La detención de Retz se produjo en un clima de terror que se había instalado en el sureste del ducado independiente de Bretaña, causado por la desaparición inexplicable de docenas de niños y niñas o por la falta de noticias de criados y doncellas que habían sido reclutados por el barón o por sus colaboradores. Estas desapariciones se estaban produciendo desde hacía ocho años (1432), pero a pesar de la alarma social que había generado aquel fenómeno, el poder (el duque de Bretaña y el obispo de Nantes) no actuó hasta que Retz intentó retroceder la venta de uno de sus castillos (para venderlo de nuevo a un mejor postor) y extorsionó al comprador inicial, secuestrando y torturando a su hermano, el canónigo Jean Le Ferron.

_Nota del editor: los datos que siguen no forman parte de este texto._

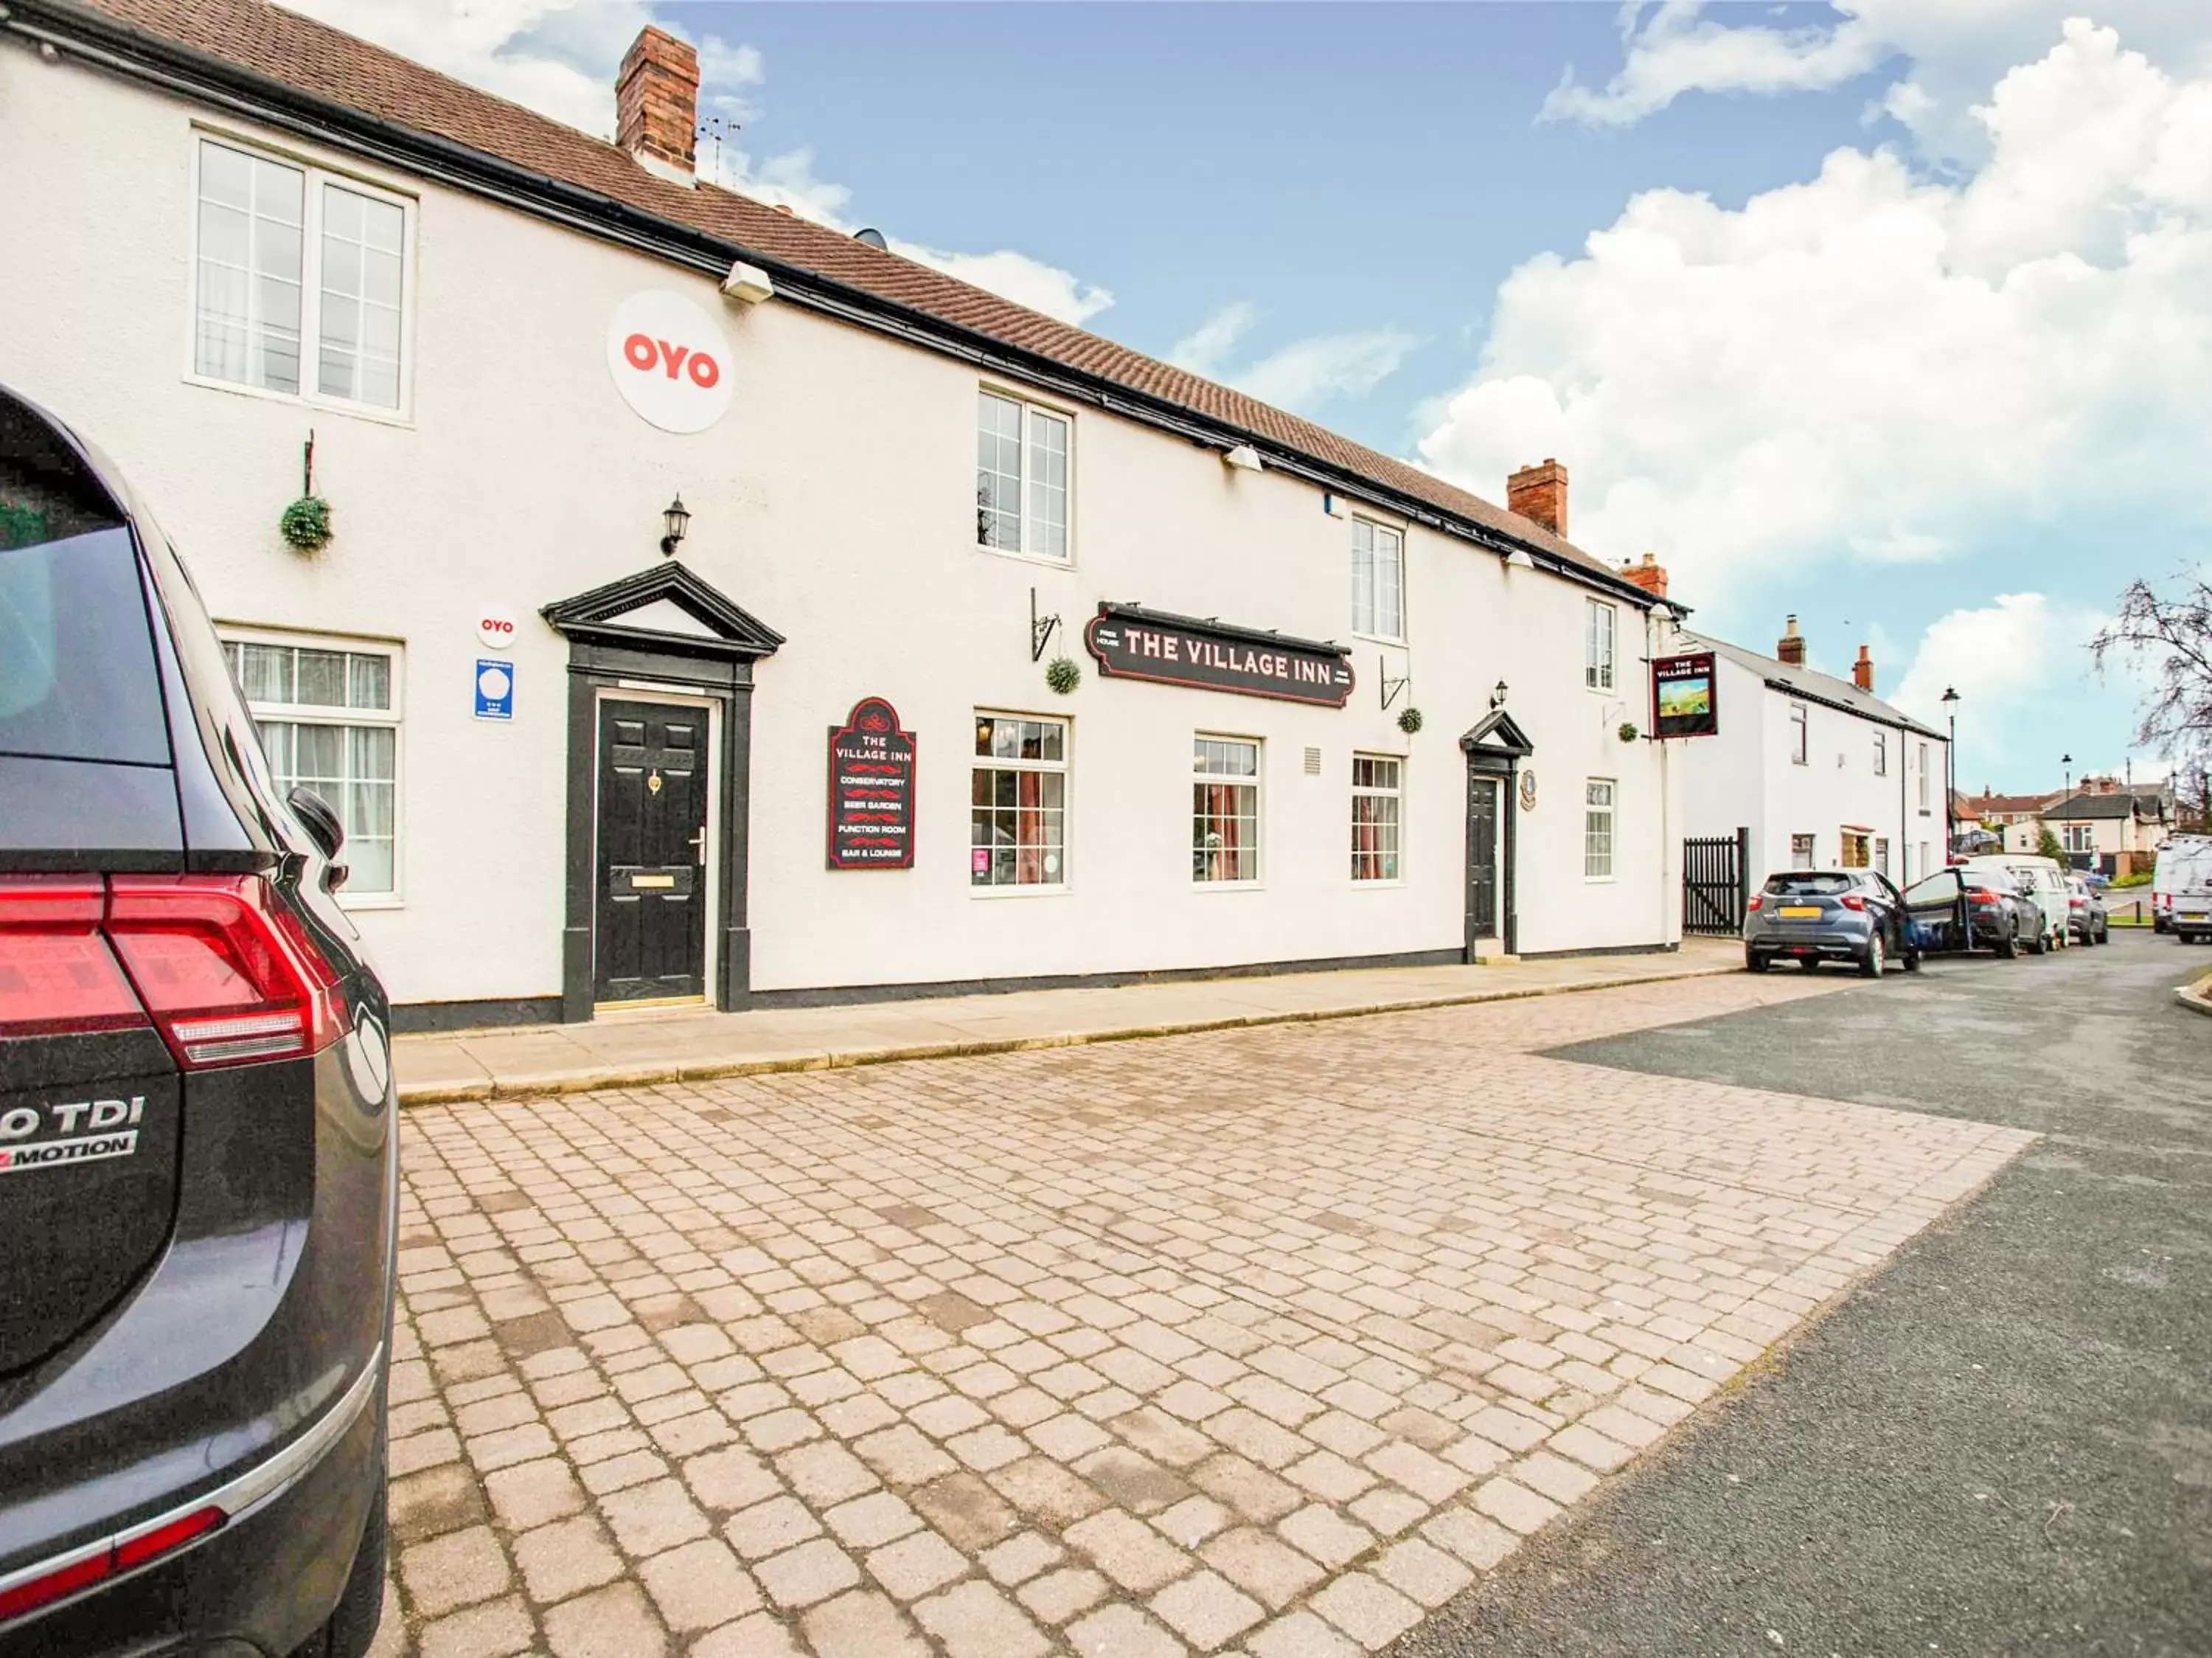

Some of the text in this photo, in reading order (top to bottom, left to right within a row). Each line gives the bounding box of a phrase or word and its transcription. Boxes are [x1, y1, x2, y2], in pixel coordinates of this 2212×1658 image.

[624, 333, 720, 389] OYO
[481, 619, 514, 634] OYO
[1124, 628, 1179, 662] THE
[1186, 640, 1288, 679] VILLAGE
[1294, 659, 1331, 685] INN
[1657, 668, 1691, 677] VILLAGE
[862, 735, 886, 747] THE
[835, 748, 911, 762] VILLAGE INN
[840, 776, 905, 787] CONSERVATORY
[844, 800, 902, 811] BEER GARDEN
[838, 825, 906, 834] FUNCTION ROOM
[841, 849, 860, 858] BAR
[869, 849, 902, 858] LOUNGE
[52, 1096, 145, 1134] TDI
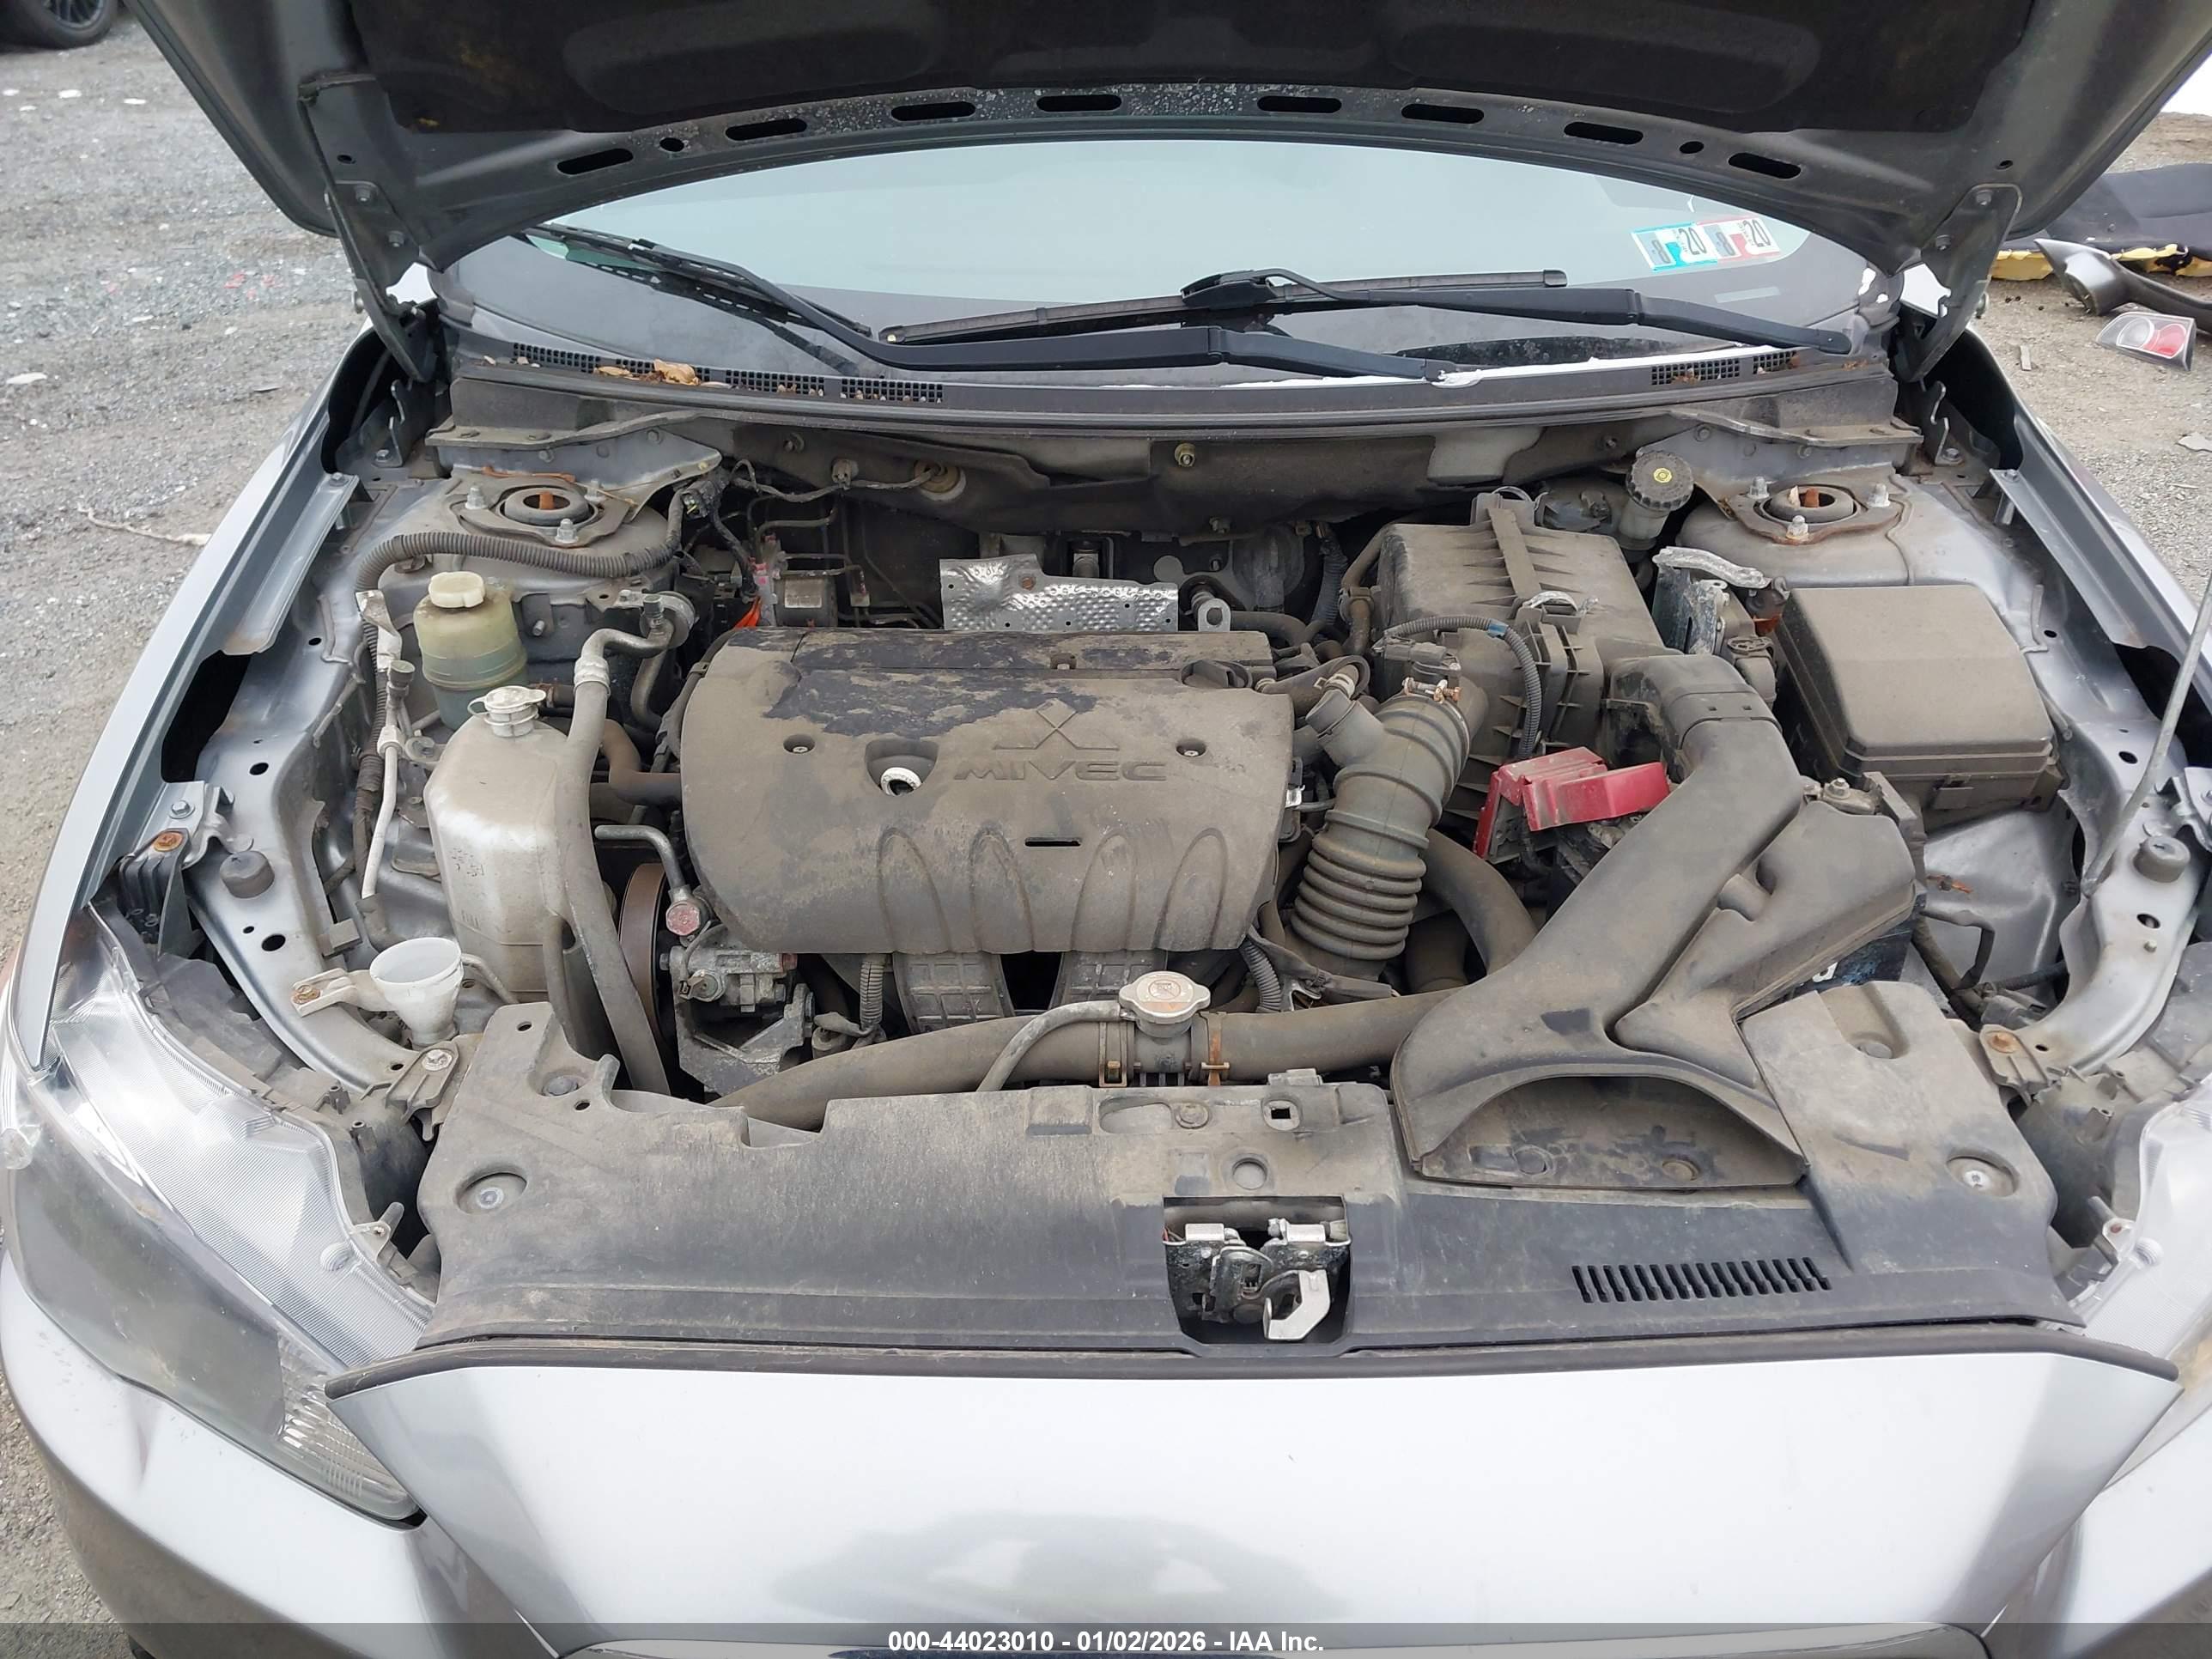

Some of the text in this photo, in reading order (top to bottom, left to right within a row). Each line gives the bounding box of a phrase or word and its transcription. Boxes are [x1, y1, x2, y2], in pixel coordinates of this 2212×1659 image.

Retz y sus secuaces fueron juzgados por un tribunal eclesiástico por los delitos de herejía, sodomía y asesinato y, tras obtener la confesión, fueron condenados a muerte. El 28 de octubre de 1440, Retz y sus colaboradores fueron ahorcados públicamente en el prado de la Magdalena, extramuros de la ciudad de Nantes. Los cuerpos del alquimista y de los criados fueron, posteriormente, calcinados públicamente, pero el de Retz, por su condición de mariscal de Francia (había obtenido este título combatiendo en la guerra de los Cien Años en el bando francés), fue descolgado antes de que lo alcanzaran las llamas y fue sepultado en la iglesia de las carmelitas de Nantes. Retz fue el peor pedófilo y asesino en serie de la Europa medieval, superando los funestos datos de personajes como la familia Drácula (Vlad Tepes y su sobrina Elisabet Bathori).